In conjunction with their 2021 outlook, JPMorgan analysts Sterling Auty and Jackson Ader took the opportunity to rebalance the ratings in their coverage universe, downgrading high multiple names such as Zoom Video (ZM) and Crowdstrike (CRWD) and upgrading cyclically sensitive names like Autodesk (ADSK) and Intuit (INTU).
DOWNGRADING HIGH MULTIPLE NAMES: In their 2021 outlook reported, issued earlier today, JPMorgan analysts Sterling Auty and Jackson Ader pointed out that looking back at 2010, they found that the 20 highest multiple stocks at the end of 2009 underperformed the overall software industry average in 2010. If the current vaccines prove effective in manufacturing rates hitting scale, they believe the economic expansion starting in the June quarter could replicate that same environment from 2010. Additionally, the analysts think the increasing shift of compute to the cloud will likely deemphasize the significant spend seen through the years on firewall upgrade cycles. The large revenue contribution that is still tied to on-premise firewall spend is likely to come under increasing pressure as 2021 unfolds, and that could be a headwind to stock performance, they added.
As such, Auty and Ader downgraded Zoom Video to Neutral from Overweight with an unchanged price target of $450. While the analyst acknowledged that Zoom is "fundamentally changing" how professionals communicate through the use of its video-first collaboration platform, they argued that the revenue multiple fully reflects the upside potential and believe the under 10-employee segment of the user group posed a risk to churn rates as the vaccine allows for more in-person interaction moving forward, which means they expect the shares to perform more in line with their coverage.

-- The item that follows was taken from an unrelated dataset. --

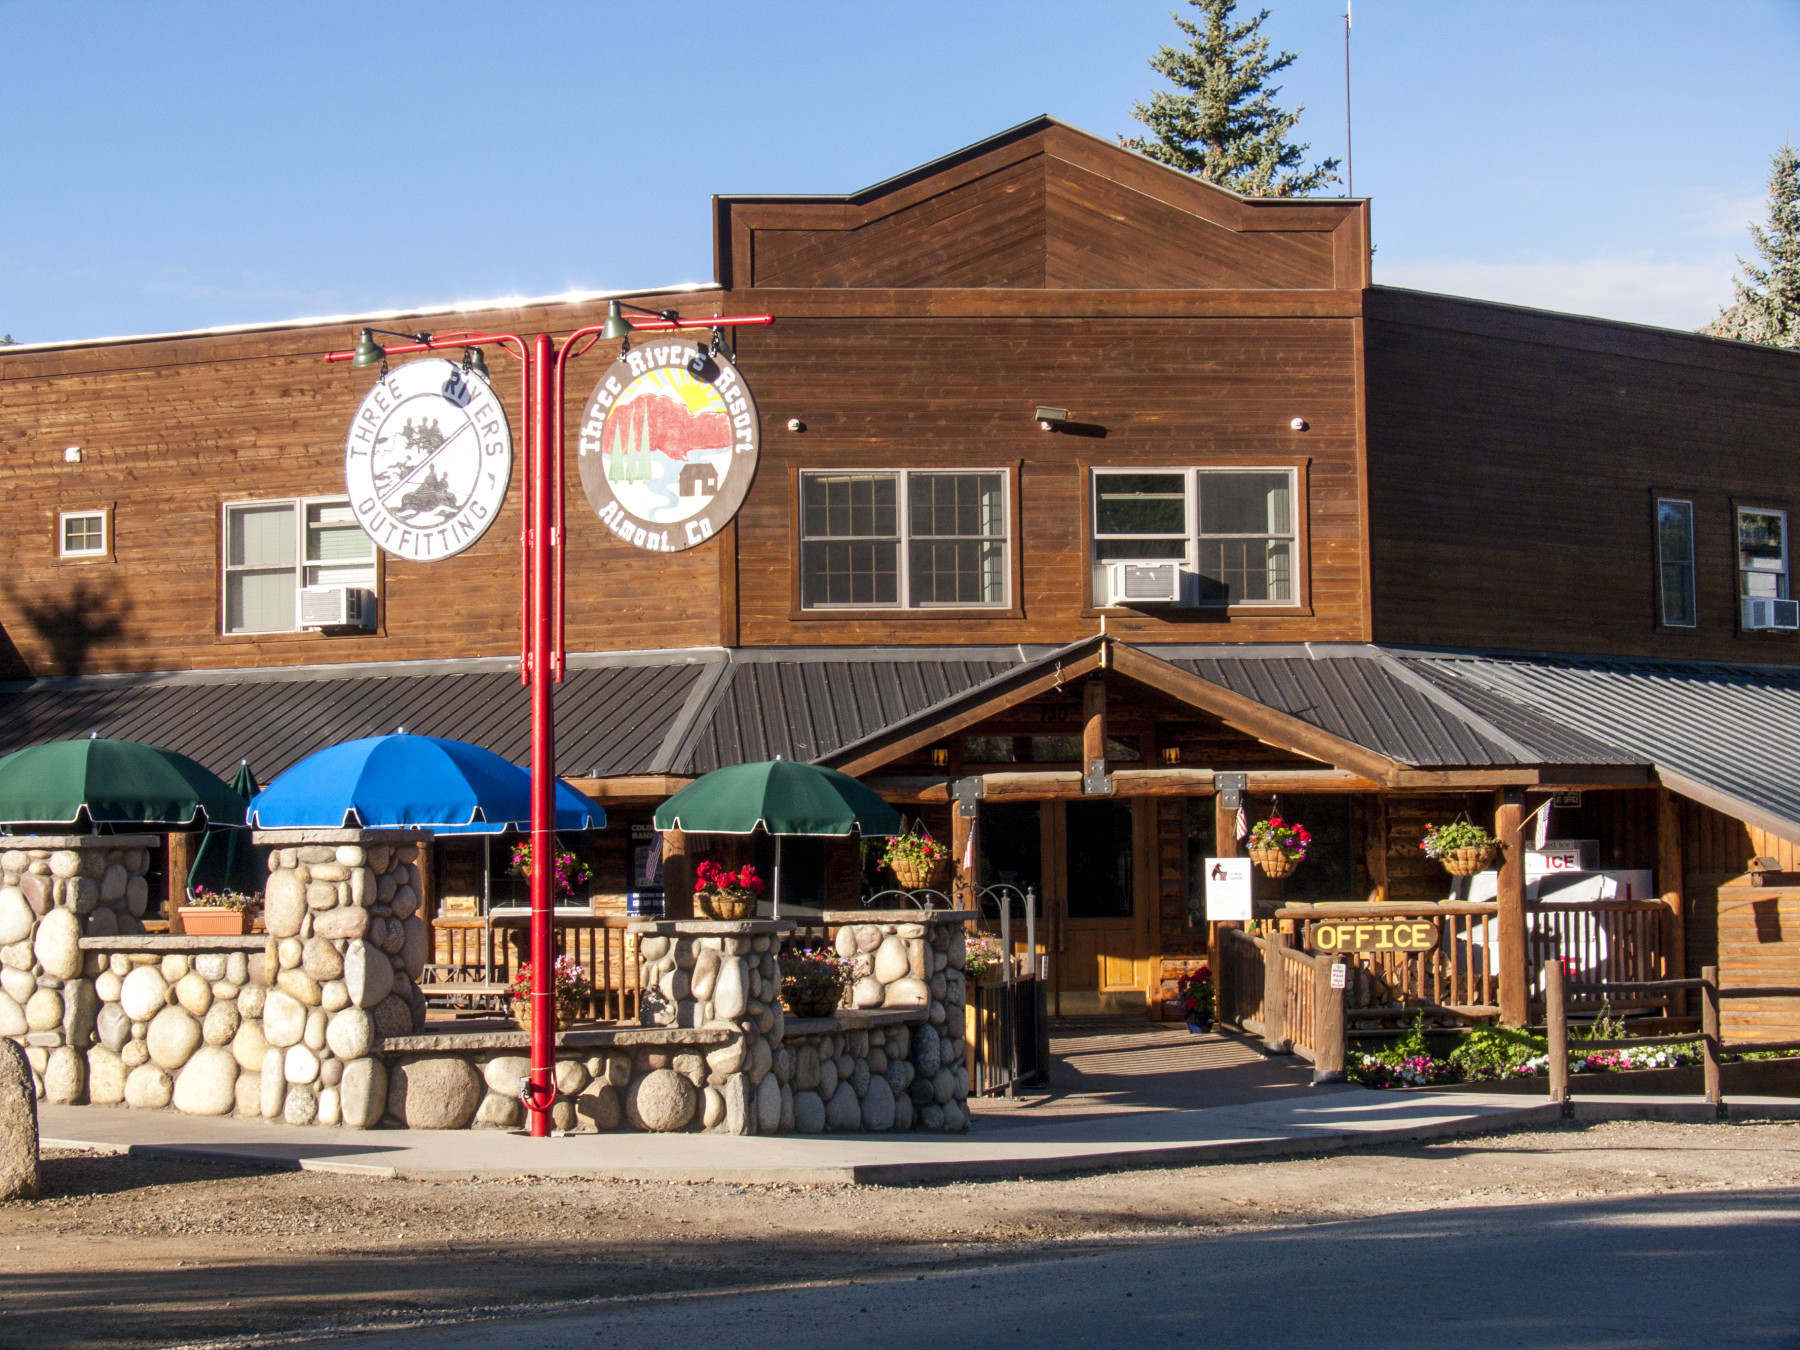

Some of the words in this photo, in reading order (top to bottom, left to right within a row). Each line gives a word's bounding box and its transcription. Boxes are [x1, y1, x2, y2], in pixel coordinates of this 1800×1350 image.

The analysts also downgraded Crowdstrike to Neutral from Overweight with an unchanged price target of $175. While Auty and Ader believe the company is the best positioned to capitalize on the consolidation of endpoint with its technology advantage and experienced management team, U.S. economists are forecasting a rebound in growth in 2021 that they think will not provide the same level of outperformance for high multiple stocks based on current valuations. Based on the current valuation, the analysts believe the stock will not provide the same level of outperformance relative to their coverage in 2021.
Additionally, Auty and Ader downgraded DocuSign (DOCU) to Neutral from Overweight with an unchanged price target of $271. The move to electronic signatures is roughly a $25B opportunity, and the analysts believe digital contracting offers the opportunity to build on top of that level. DocuSign is the clear leader in this space by at least a factor of 2-times, they contended. Leading this large and growing space creates significant growth and profit opportunities for DocuSign, but based on the current valuation and the fact that the highest multiple stocks of late 2009 underperformed the entire software industry in 2010, the analysts believe the market is no longer going to provide the same level of outperformance for DocuSign shares in 2021.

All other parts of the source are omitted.